■ DATASET EXCERPTS:
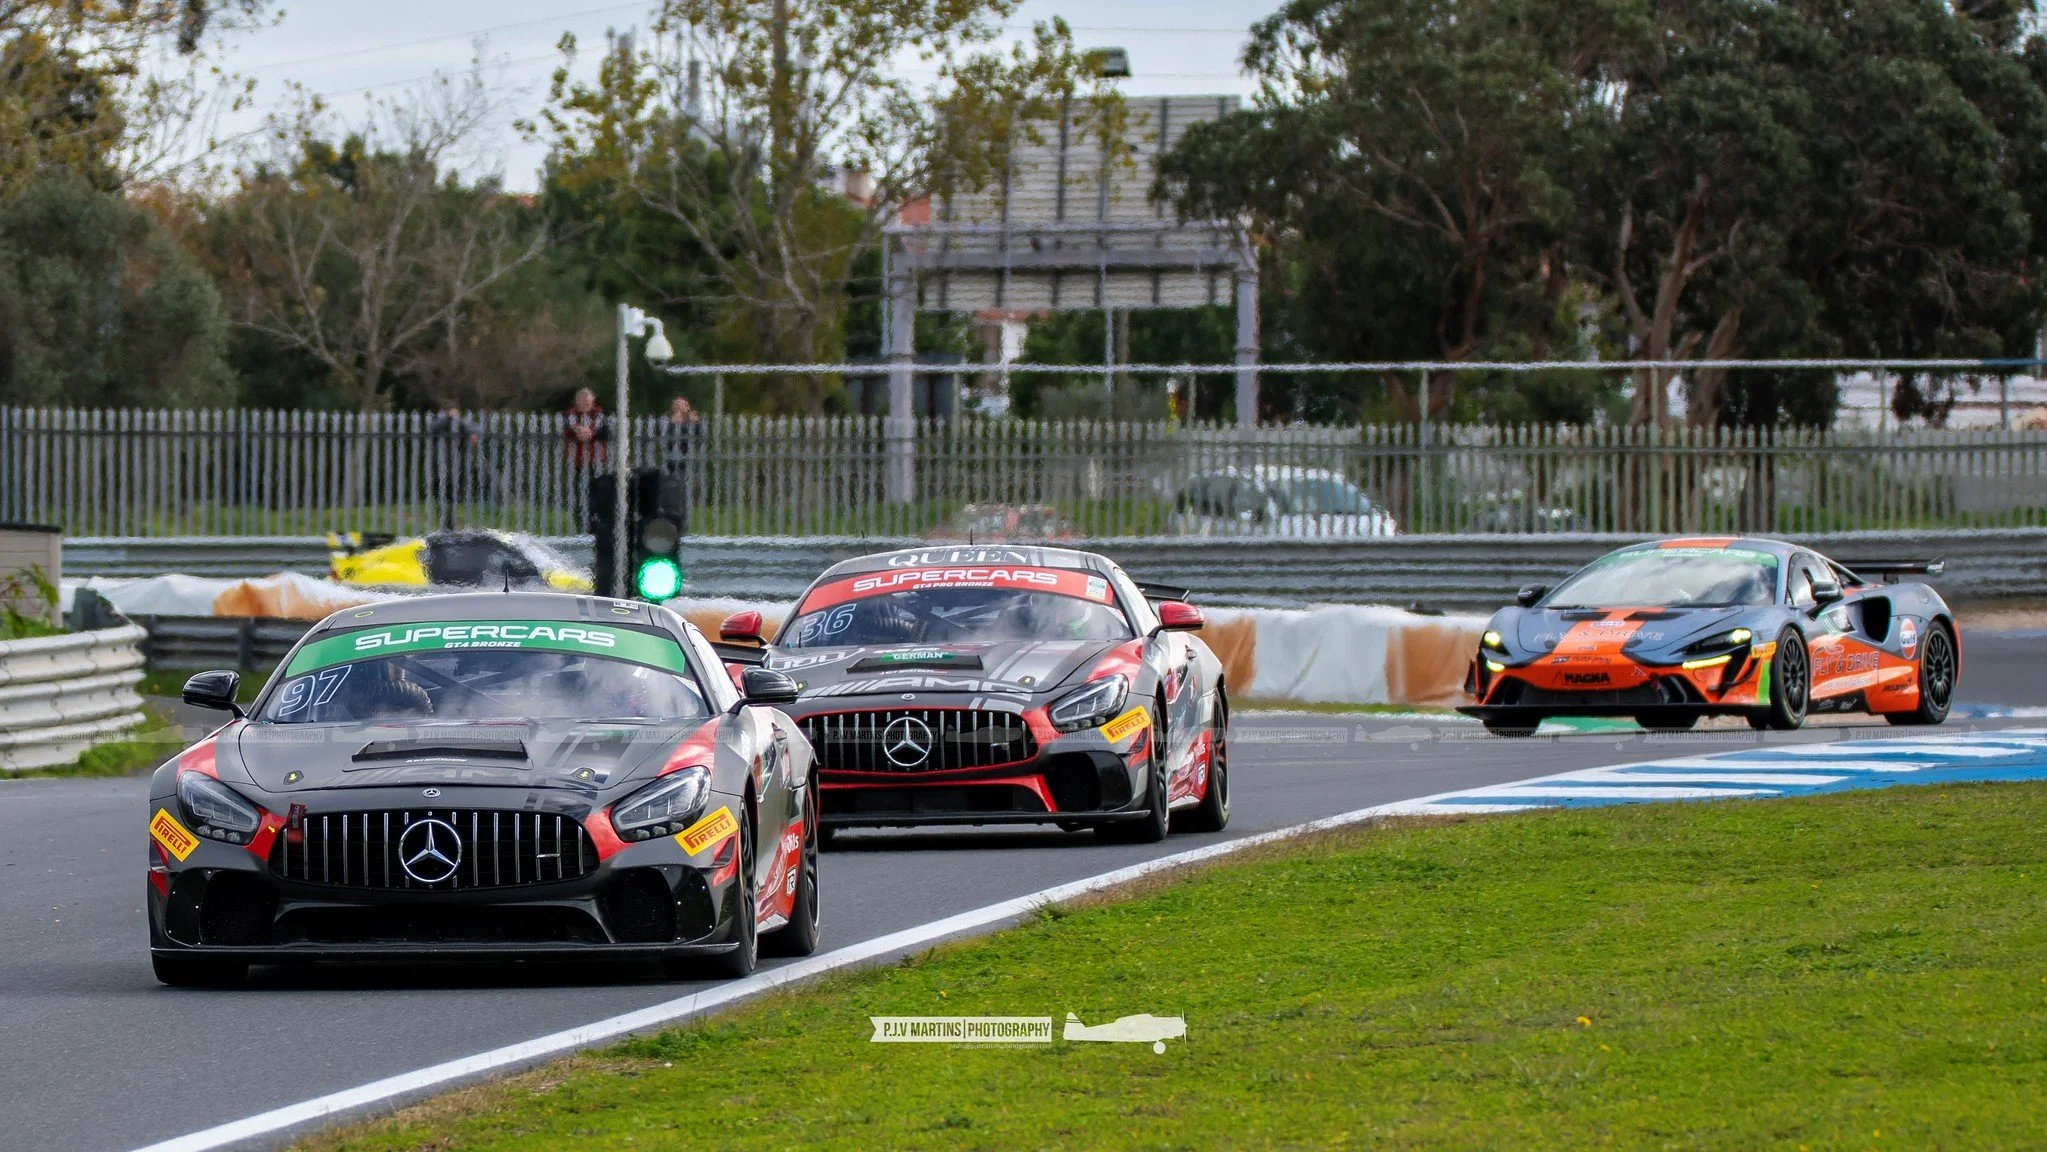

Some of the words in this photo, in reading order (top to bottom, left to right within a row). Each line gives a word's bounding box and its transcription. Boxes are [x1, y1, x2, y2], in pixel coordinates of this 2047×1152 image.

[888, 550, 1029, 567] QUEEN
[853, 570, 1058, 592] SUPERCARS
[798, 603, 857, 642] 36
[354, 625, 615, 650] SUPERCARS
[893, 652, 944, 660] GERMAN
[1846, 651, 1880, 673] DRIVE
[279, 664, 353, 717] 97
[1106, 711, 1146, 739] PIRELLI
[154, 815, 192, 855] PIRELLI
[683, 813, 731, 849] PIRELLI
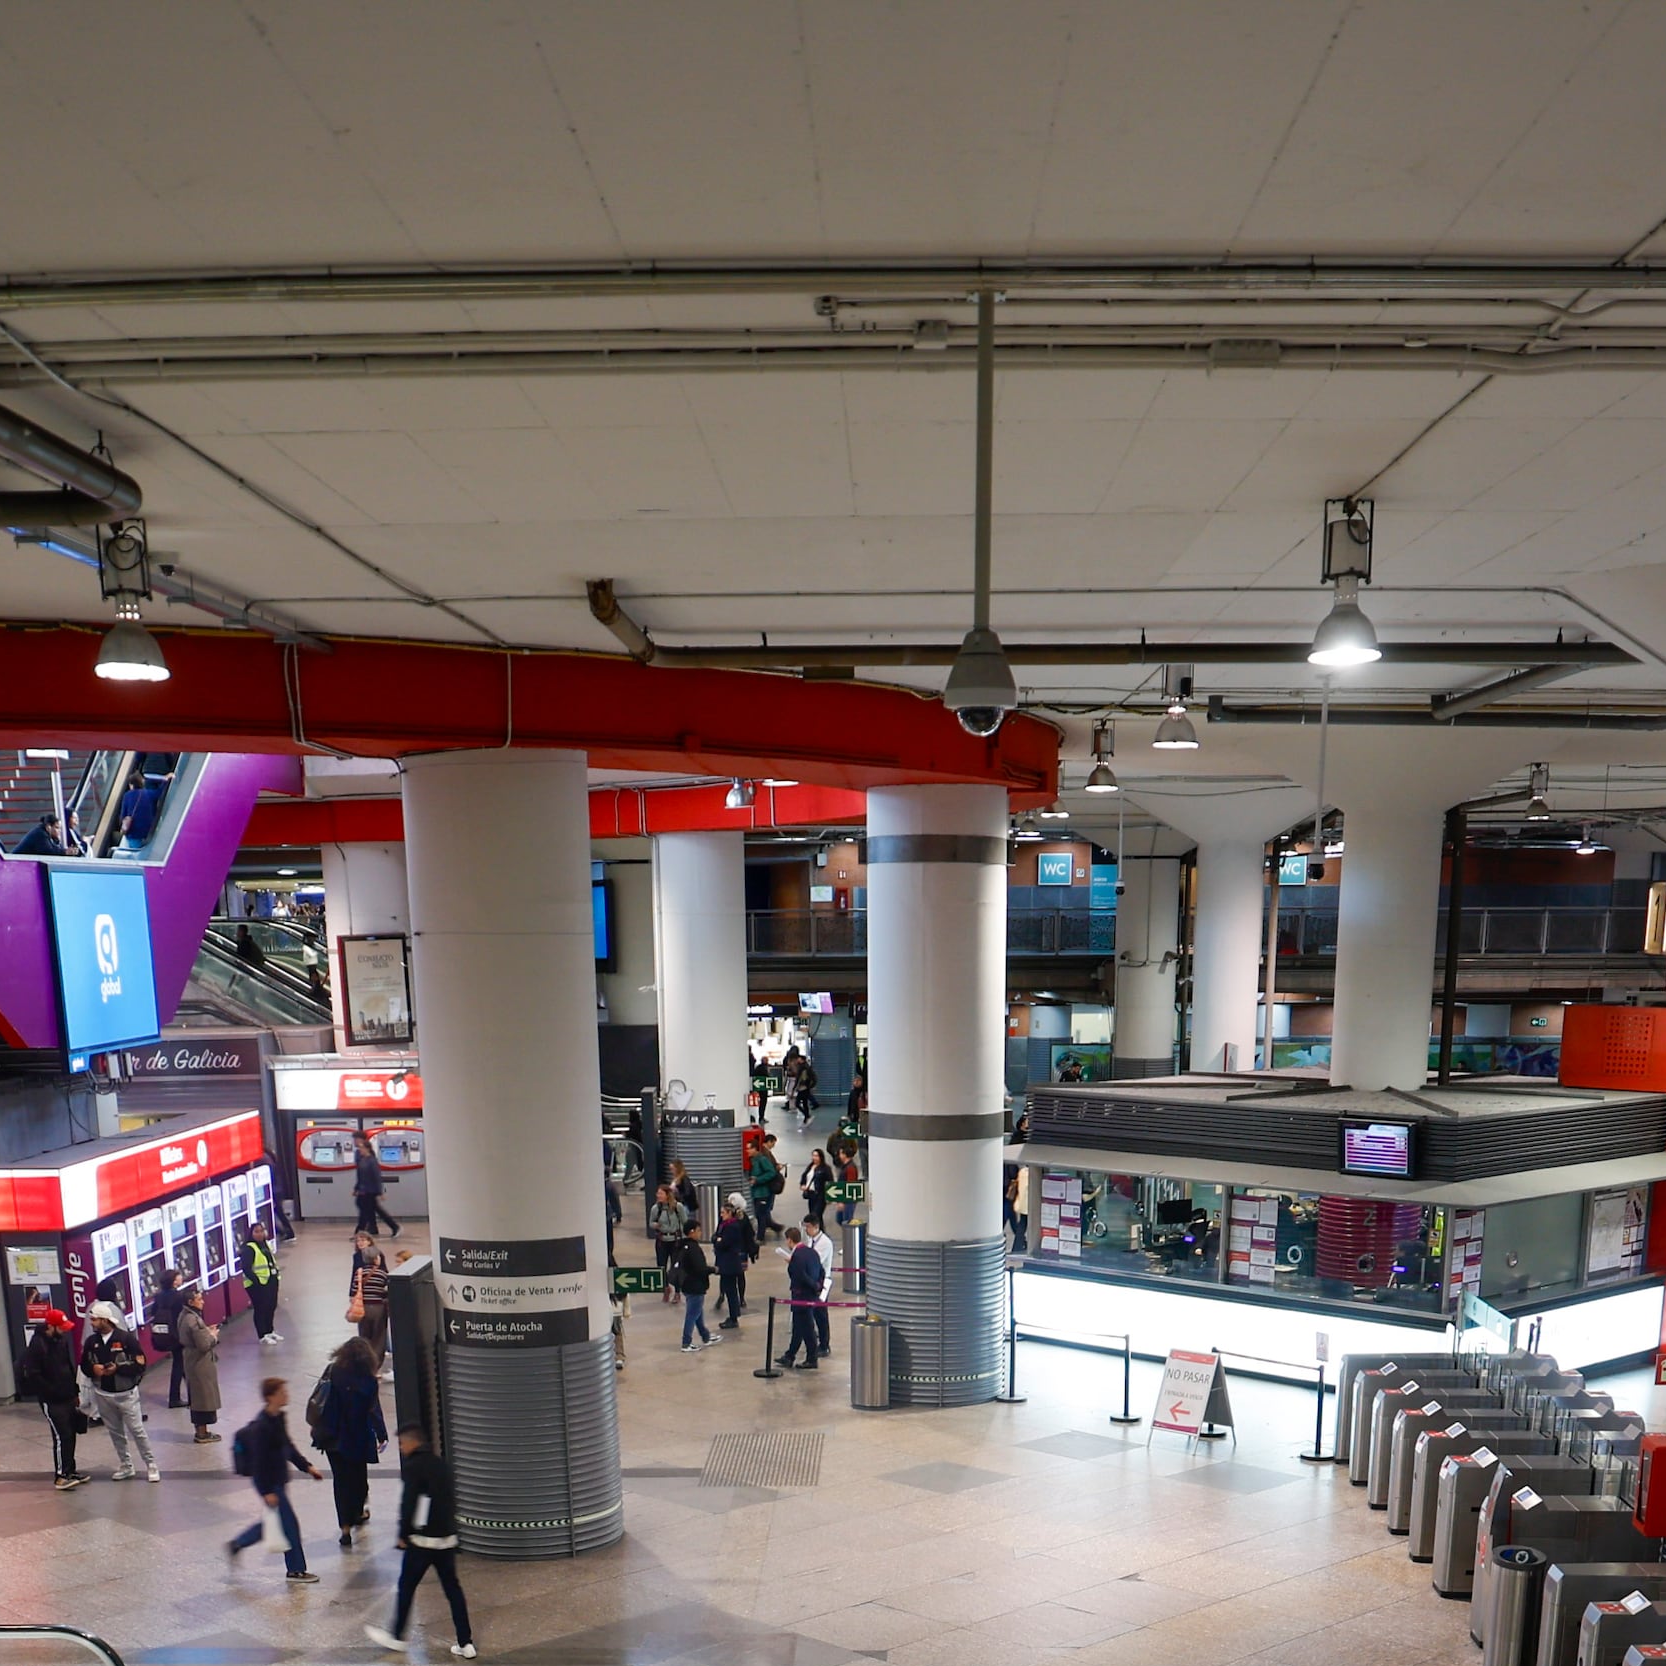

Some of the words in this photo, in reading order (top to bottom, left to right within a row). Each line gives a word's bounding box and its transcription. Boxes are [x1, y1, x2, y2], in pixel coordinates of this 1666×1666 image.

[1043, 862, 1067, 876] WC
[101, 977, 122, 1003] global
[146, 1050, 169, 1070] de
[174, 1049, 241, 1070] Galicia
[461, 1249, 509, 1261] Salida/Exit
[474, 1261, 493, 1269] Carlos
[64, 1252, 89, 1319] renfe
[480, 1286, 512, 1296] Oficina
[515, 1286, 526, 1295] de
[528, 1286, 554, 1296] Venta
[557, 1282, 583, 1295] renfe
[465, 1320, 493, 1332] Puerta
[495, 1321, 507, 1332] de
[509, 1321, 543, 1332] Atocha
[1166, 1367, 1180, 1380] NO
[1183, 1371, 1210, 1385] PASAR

■ ASSIGNMENT:
Please set down the records above verbatim, with each picture left out.

■ EXERCISE RESPONSE:
Some of the words in this photo, in reading order (top to bottom, left to right within a row). Each line gives a word's bounding box and its transcription. Boxes are [x1, y1, x2, y2], in pixel coordinates of this 2047×1152 image.

[888, 550, 1029, 567] QUEEN
[853, 570, 1058, 592] SUPERCARS
[798, 603, 857, 642] 36
[354, 625, 615, 650] SUPERCARS
[893, 652, 944, 660] GERMAN
[1846, 651, 1880, 673] DRIVE
[279, 664, 353, 717] 97
[1106, 711, 1146, 739] PIRELLI
[154, 815, 192, 855] PIRELLI
[683, 813, 731, 849] PIRELLI

Some of the words in this photo, in reading order (top to bottom, left to right within a row). Each line gives a word's bounding box and its transcription. Boxes are [x1, y1, x2, y2], in pixel coordinates of this 1666×1666 image.

[1043, 862, 1067, 876] WC
[101, 977, 122, 1003] global
[146, 1050, 169, 1070] de
[174, 1049, 241, 1070] Galicia
[461, 1249, 509, 1261] Salida/Exit
[474, 1261, 493, 1269] Carlos
[64, 1252, 89, 1319] renfe
[480, 1286, 512, 1296] Oficina
[515, 1286, 526, 1295] de
[528, 1286, 554, 1296] Venta
[557, 1282, 583, 1295] renfe
[465, 1320, 493, 1332] Puerta
[495, 1321, 507, 1332] de
[509, 1321, 543, 1332] Atocha
[1166, 1367, 1180, 1380] NO
[1183, 1371, 1210, 1385] PASAR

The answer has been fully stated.